Another approach to providing equipment responsive to ambient light is described in U.S. Pat. No. 5,760,962 issued to Schofield et al. wherein an automatically dimmable mirror is disclosed that incorporates a large imaging array to gather light from behind and beside the vehicle. Each light transducer, or pixel, within the array views a separate area within the target spatial distribution of the light sensor. The equipment measures ambient light by examining pixels generally directed sideways. The cost of the imaging array, the required lens, and the complicated signal processing logic make equipment using the imaging array prohibitively expensive for many automotive applications. An additional problem is that light collected from a side view less accurately represents the ambient light experienced by the vehicle operator than does light from a forward view.

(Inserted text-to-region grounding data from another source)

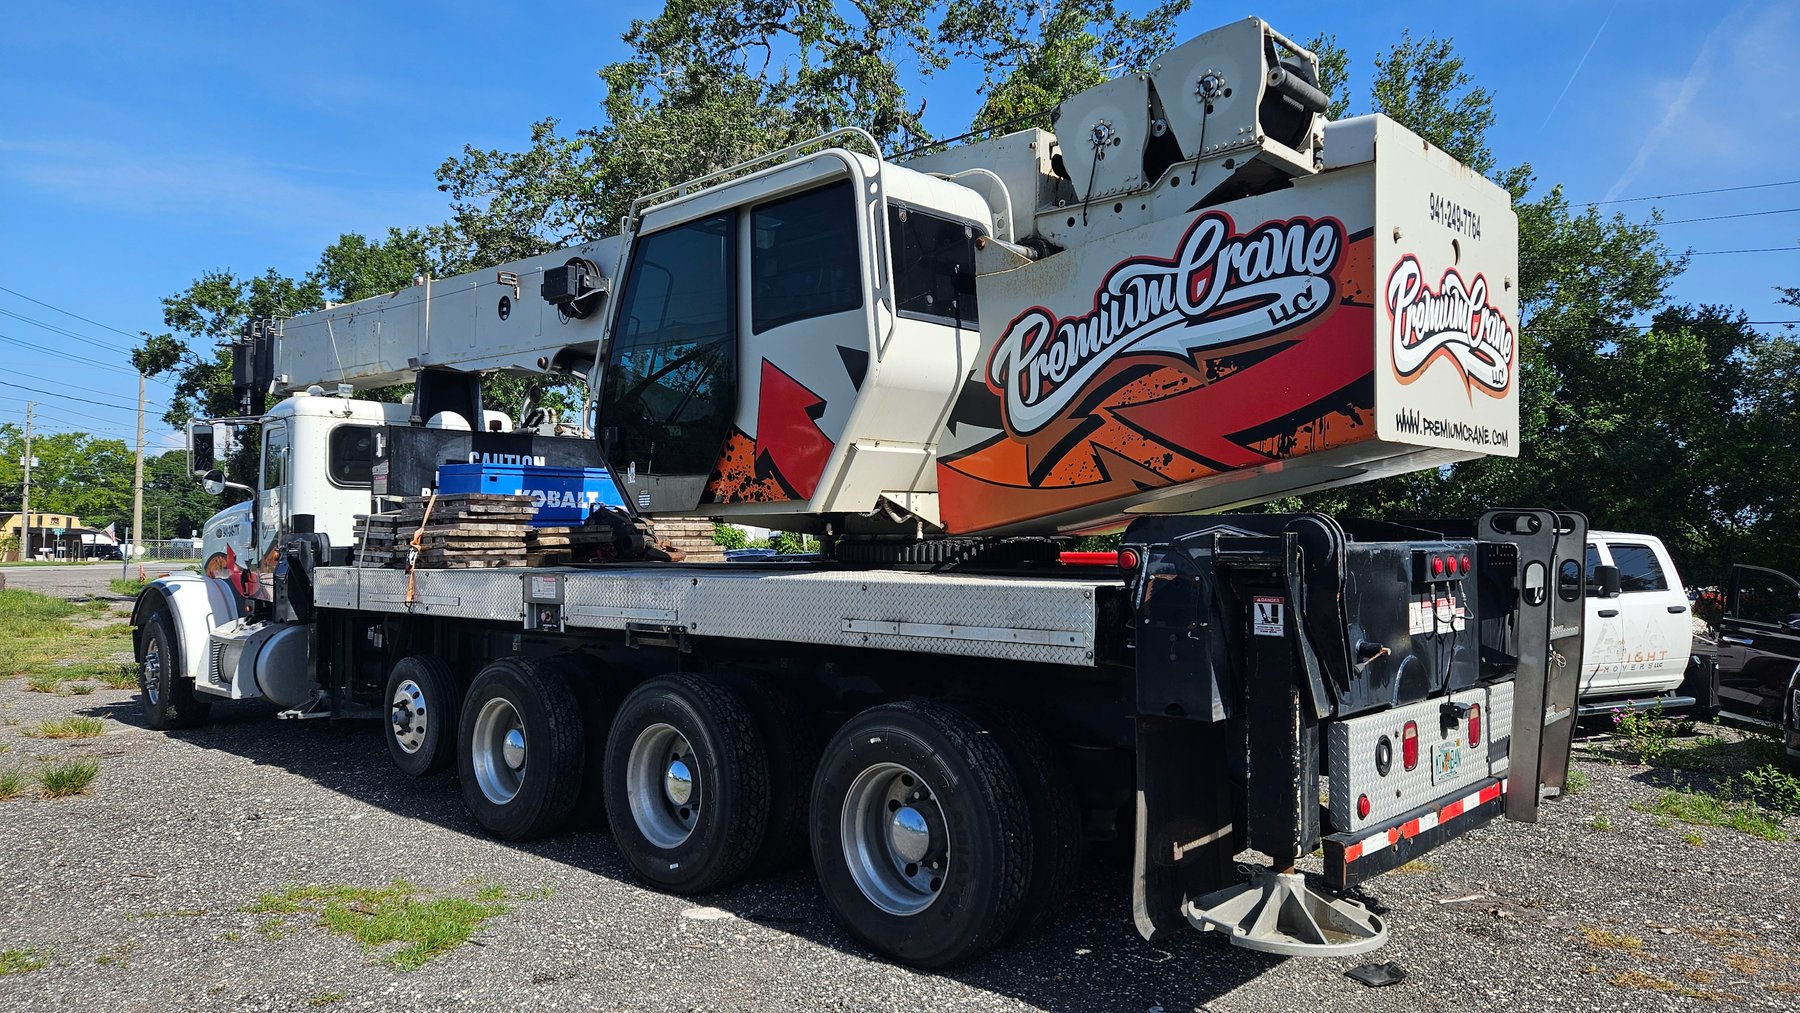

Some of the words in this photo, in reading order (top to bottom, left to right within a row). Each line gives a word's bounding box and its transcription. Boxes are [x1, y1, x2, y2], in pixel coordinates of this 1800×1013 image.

[1430, 192, 1480, 241] 941-249-7764
[990, 275, 1176, 420] Premium
[1170, 218, 1337, 315] Crane
[1267, 284, 1318, 326] LLC
[1388, 259, 1467, 352] Premium
[1464, 275, 1512, 363] Crane
[1491, 368, 1504, 385] LLC
[469, 452, 546, 467] CAUTION
[1603, 662, 1653, 672] MOVERS

One difficulty with providing equipment employing light sensors is the occurrence of operating anomalies when the equipment is subject to high temperatures. Some equipment employs light sensors that are extremely non-linear at high temperatures. Other equipment may suffer a permanent change in operating characteristics after being exposed to high temperatures. Such a permanent change can occur in equipment using a CdS cell exposed to prolonged sun on a hot day, such as prolonged exposure to temperatures in excess of 87 C. Sensors may even provide completely false readings, such as by identifying a bright light condition in low light conditions, due to excessive thermal noise. Traditionally, the only way to deal with this problem has been to incorporate a temperature sensor and additional electronics into the vehicle equipment to compensate for sensor performance changes resulting from temperature variations. Such electronics add cost and complexity to the equipment.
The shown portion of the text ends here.